|
With End of Year Looming, It's Time
To Prepare For Year-End Statements
By Jim Jordan
With the end of 2005 looming hard
on the horizon, it's time for contractors to begin thinking
about their year-end financial statements. It's these statements,
after all, that determine whether surety companies and banks
continue to have confidence in a contractor's ability to manage
his or her operations and show a profit.
 |
|
Jim Jordan is
director of construction services for Dallas/Fort Worth-based
Weaver and Tidwell LLP.
|
For a privately owned company, and most contractors are privately
held, the process should begin with company owners looking
first at their personal finances. With the help of a CPA,
owners should make certain their finances can be presented
in a timely, accurate and favorable fashion. This is important
because surety companies often require owners of privately
held businesses to personally guarantee bond lines. Therefore,
personal statements actually support the company and should
include pertinent information on personal mortgages, investments,
bank accounts, credit cards bills, loans to family, auto loans
and such. It is especially important in the preparation of
personal financial statements that any financial transactions
with the company are shown on both the personal statement
and company statement.
Before tackling company statements, however, there's always
homework to be done. This is where a CPA who specializes in
construction accounting can provide the necessary guidance.
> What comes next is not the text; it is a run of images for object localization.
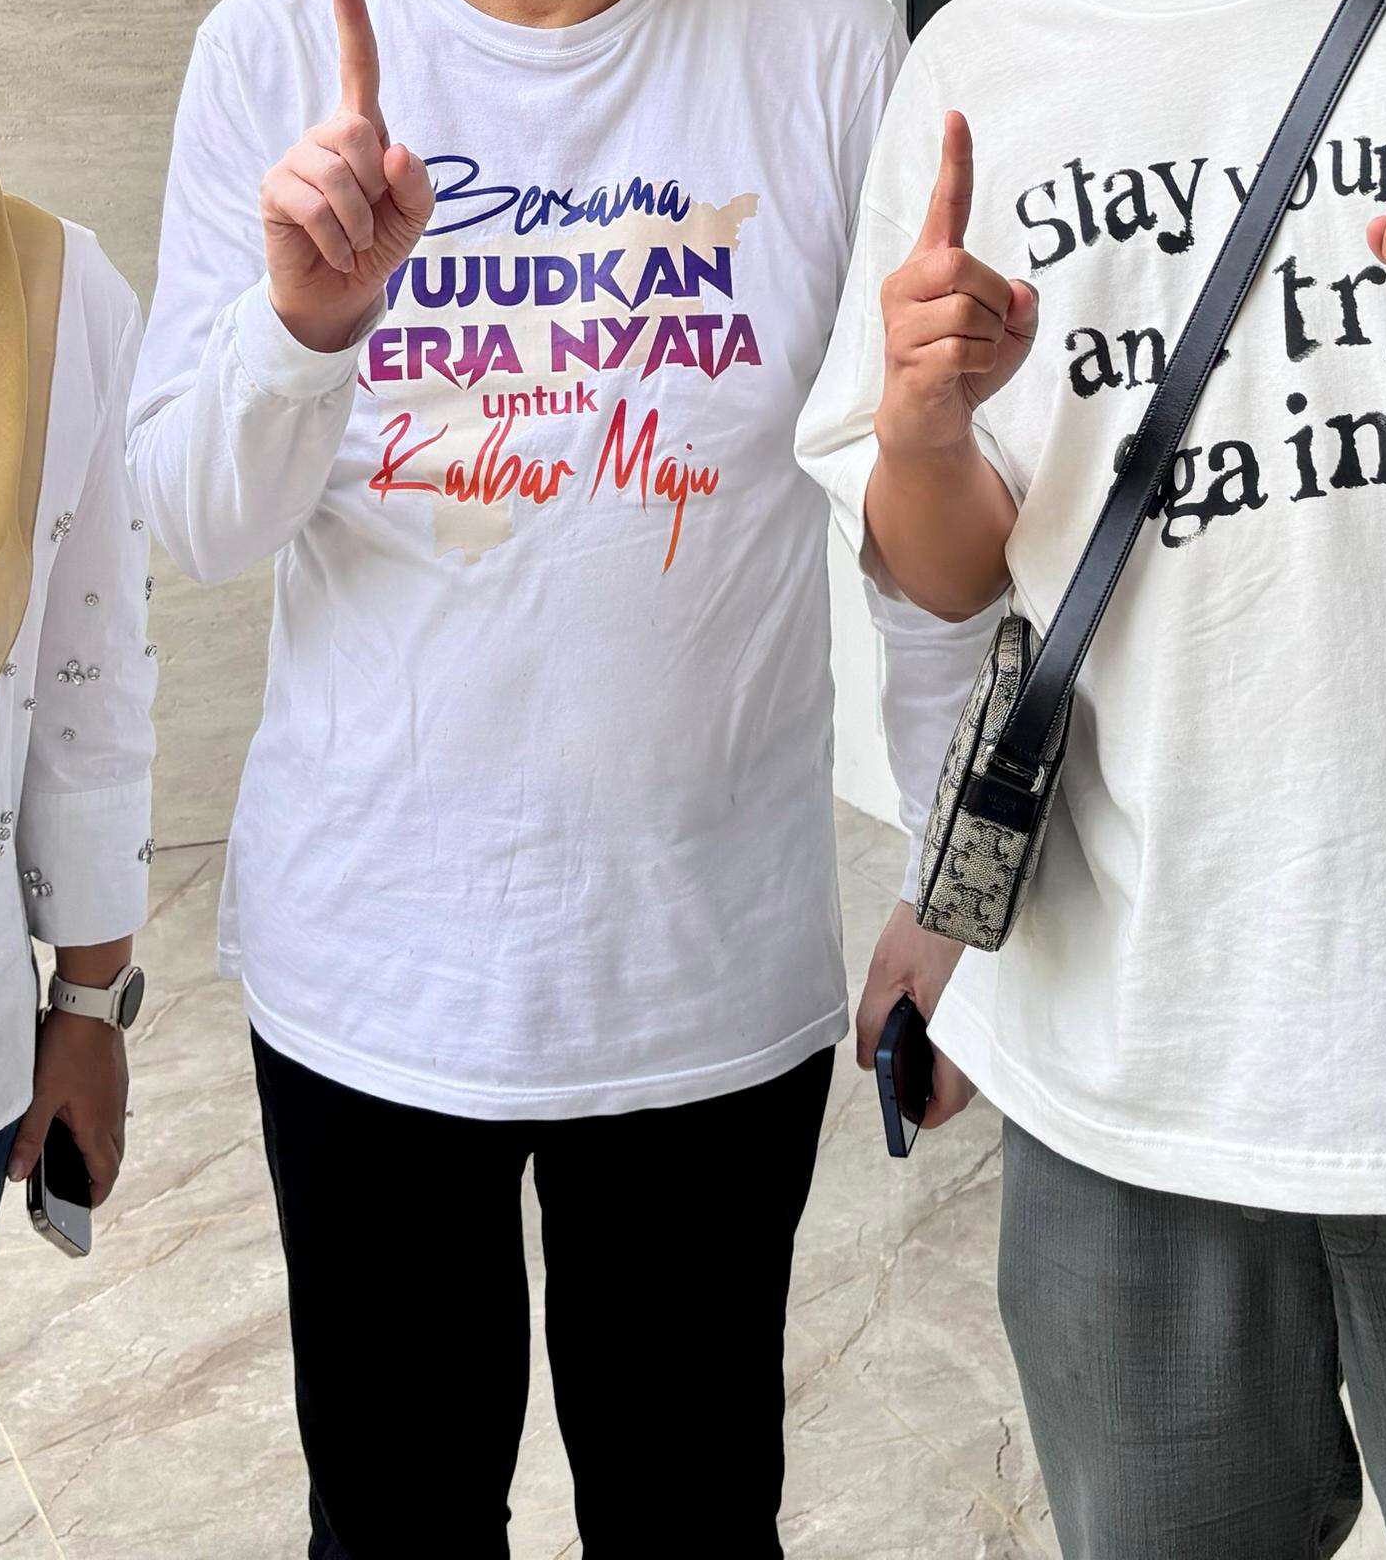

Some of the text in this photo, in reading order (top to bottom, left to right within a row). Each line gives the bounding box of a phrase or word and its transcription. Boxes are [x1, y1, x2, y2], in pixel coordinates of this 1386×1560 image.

[419, 155, 691, 237] Bersama
[357, 313, 763, 394] ERJA NYATA
[1064, 326, 1231, 399] an
[482, 381, 599, 419] untuk
[368, 398, 720, 576] Kalbar Maju
Your CPA can determine whether there have been any recent
changes to tax laws or accounting principles that impact your
company. This year, for example, one of the biggest changes
affecting contractors' financial statements is FIN 46, a new
interpretation issued by the Financial Accounting Standards
Board.
FIN 46 is a new accounting principle, not a law. Prior to
this updated interpretation, a company was expected to show
on its financial statements any outside entity in which it
held a majority of the voting interests. FIN 46, however,
extends the requirement to include variable interest entities,
or VIEs. These are defined as "any legal structure used
to conduct activities or hold assets,'' and include non-market-driven
leases; certain service contracts; forward contracts to buy
or sell assets, guarantees of another entity's assets, subordinated
debt, and swaps or other derivatives.
FIN 46 is complex and may have a significant impact on a
company's financials. You should seek your CPA's advice in
applying and interpreting FIN 46.
Before year's end, company owners should also focus on getting
all change orders signed. Having change orders signed, particularly
those that are material to your financial statements, will
help eliminate reporting problems. Your CPA will look hard
at unsigned change orders to ensure they are properly recorded
in accordance with generally accepted accounting principles.
Signed change orders not only protect you and your right to
get paid, but also help produce accurate financial statements.
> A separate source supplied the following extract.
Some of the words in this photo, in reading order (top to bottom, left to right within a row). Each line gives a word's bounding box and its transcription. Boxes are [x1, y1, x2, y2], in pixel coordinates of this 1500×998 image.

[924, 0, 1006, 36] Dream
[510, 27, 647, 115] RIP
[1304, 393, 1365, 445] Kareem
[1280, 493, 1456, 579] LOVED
In addition to getting change orders signed, there are other
steps you can take to bolster working capital before the end
of the year. They include:
Postponing major purchases Particularly toward the end of
the year, owners should consider postponing the purchase of
any large assets until after the first of the year. A general
rule of thumb is to keep the debt-to-equity ratio under 3
to 1, and the interest-bearing debt-to-equity ratio under
1 to 1. Alternatively, you may want to consider leasing equipment
rather than buying it if there isn't ample working capital.
Managing cash The cleanest end-of-year statements are those
that avoid negative cash at year's end. Owners should avoid
writing checks at year's end in anticipation of receivables
that will come in the next week. Instead, they should issue
checks in the new year.
Showing low inventory Because bond underwriters usually discount
inventory by 50 percent, contractors should try to have the
lowest inventory at the end of the fiscal year. Also, if inventory
turns over numerous times, sureties should be informed of
that so the discounting can be favorably modified.
Stockholder repayments Issuing bonuses to senior executives
is always preferable to giving them a loan. Shareholder loans
make bond underwriters question a company's overall financial
acumen. The underwriters may treat such loans as a reduction
of capital if the amounts are large or have been outstanding
for a long period of time. Consequently, all loans to company
stockholders or officers should be repaid by year's end.
Underbillings At year's end, contractors should have all
jobs properly billed. A significant amount of underbillings
raises red flags with sureties and lenders, who want low underbillings
and receivables less than 90 days old. It's also important
to bill retainage as soon as possible. These steps demonstrate
you are actually managing cash flow.
Listing life insurance Sureties usually consider the cash
value of life insurance as a source of working capital. With
help from a CPA, contractors can show the cash value on their
balance sheets as "other assets,'' which improves the
overall amount of working capital.
These strategies for producing effective year-end financial
statements are fundamentals that should be enacted throughout
the year, not just in the final quarter. Owners who stay on
top of their financial accounting all year will be able to
avoid costly mistakes and omissions that invariably occur
during an end-of-year rush. It's important to avoid these
problems because end-of-year statements serve more than one
purpose: More than just financial documents, they can shed
favorable light on a company's processes. Well-organized,
proactive statements that demonstrate financial health always
instill confidence in the lenders and bond underwriters who
decide a contractor's future. These year-end statements, however,
can be difficult to produce in the eleventh hour. If the year-end
rush is beginning at your firm, remember to get started earlier
in 2006, and get help from your CPA.